Everything in the listing below must be set down again exactly.

» Dataset records:
=== Section Start ===

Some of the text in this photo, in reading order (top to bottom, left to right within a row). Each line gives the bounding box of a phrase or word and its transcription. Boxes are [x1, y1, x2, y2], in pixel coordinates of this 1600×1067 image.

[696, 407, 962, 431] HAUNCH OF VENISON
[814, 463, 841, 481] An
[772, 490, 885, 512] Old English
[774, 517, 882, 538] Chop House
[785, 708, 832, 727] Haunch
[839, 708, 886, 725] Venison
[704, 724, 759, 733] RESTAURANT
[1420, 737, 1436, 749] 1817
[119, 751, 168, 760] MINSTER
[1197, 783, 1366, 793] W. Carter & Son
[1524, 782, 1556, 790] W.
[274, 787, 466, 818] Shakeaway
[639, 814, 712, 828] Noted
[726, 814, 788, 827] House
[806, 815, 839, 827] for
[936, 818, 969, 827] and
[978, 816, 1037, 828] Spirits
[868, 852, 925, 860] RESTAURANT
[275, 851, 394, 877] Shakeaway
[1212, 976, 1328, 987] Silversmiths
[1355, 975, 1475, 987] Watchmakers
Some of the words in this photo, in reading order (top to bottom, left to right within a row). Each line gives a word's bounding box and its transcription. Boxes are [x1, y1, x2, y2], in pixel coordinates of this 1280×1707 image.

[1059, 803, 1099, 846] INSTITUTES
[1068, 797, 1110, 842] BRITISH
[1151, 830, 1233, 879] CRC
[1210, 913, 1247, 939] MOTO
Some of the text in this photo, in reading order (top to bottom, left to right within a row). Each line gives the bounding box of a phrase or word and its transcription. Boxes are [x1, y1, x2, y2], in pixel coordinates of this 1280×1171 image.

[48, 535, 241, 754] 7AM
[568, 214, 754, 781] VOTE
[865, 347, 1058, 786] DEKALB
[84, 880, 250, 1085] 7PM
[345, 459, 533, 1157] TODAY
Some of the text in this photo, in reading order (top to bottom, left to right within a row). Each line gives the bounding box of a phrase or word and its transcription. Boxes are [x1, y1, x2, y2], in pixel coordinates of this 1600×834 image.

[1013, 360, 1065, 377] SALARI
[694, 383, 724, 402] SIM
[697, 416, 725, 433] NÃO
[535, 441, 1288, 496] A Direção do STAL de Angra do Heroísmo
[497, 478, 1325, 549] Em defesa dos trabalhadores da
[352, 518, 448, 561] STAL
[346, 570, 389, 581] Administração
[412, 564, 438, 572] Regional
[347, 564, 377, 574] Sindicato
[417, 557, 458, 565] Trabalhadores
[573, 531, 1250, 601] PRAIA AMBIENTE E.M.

=== Section End ===

» Answer:
Some of the text in this photo, in reading order (top to bottom, left to right within a row). Each line gives the bounding box of a phrase or word and its transcription. Boxes are [x1, y1, x2, y2], in pixel coordinates of this 1600×1067 image.

[696, 407, 962, 431] HAUNCH OF VENISON
[814, 463, 841, 481] An
[772, 490, 885, 512] Old English
[774, 517, 882, 538] Chop House
[785, 708, 832, 727] Haunch
[839, 708, 886, 725] Venison
[704, 724, 759, 733] RESTAURANT
[1420, 737, 1436, 749] 1817
[119, 751, 168, 760] MINSTER
[1197, 783, 1366, 793] W. Carter & Son
[1524, 782, 1556, 790] W.
[274, 787, 466, 818] Shakeaway
[639, 814, 712, 828] Noted
[726, 814, 788, 827] House
[806, 815, 839, 827] for
[936, 818, 969, 827] and
[978, 816, 1037, 828] Spirits
[868, 852, 925, 860] RESTAURANT
[275, 851, 394, 877] Shakeaway
[1212, 976, 1328, 987] Silversmiths
[1355, 975, 1475, 987] Watchmakers
Some of the words in this photo, in reading order (top to bottom, left to right within a row). Each line gives a word's bounding box and its transcription. Boxes are [x1, y1, x2, y2], in pixel coordinates of this 1280×1707 image.

[1059, 803, 1099, 846] INSTITUTES
[1068, 797, 1110, 842] BRITISH
[1151, 830, 1233, 879] CRC
[1210, 913, 1247, 939] MOTO
Some of the text in this photo, in reading order (top to bottom, left to right within a row). Each line gives the bounding box of a phrase or word and its transcription. Boxes are [x1, y1, x2, y2], in pixel coordinates of this 1280×1171 image.

[48, 535, 241, 754] 7AM
[568, 214, 754, 781] VOTE
[865, 347, 1058, 786] DEKALB
[84, 880, 250, 1085] 7PM
[345, 459, 533, 1157] TODAY
Some of the text in this photo, in reading order (top to bottom, left to right within a row). Each line gives the bounding box of a phrase or word and its transcription. Boxes are [x1, y1, x2, y2], in pixel coordinates of this 1600×834 image.

[1013, 360, 1065, 377] SALARI
[694, 383, 724, 402] SIM
[697, 416, 725, 433] NÃO
[535, 441, 1288, 496] A Direção do STAL de Angra do Heroísmo
[497, 478, 1325, 549] Em defesa dos trabalhadores da
[352, 518, 448, 561] STAL
[346, 570, 389, 581] Administração
[412, 564, 438, 572] Regional
[347, 564, 377, 574] Sindicato
[417, 557, 458, 565] Trabalhadores
[573, 531, 1250, 601] PRAIA AMBIENTE E.M.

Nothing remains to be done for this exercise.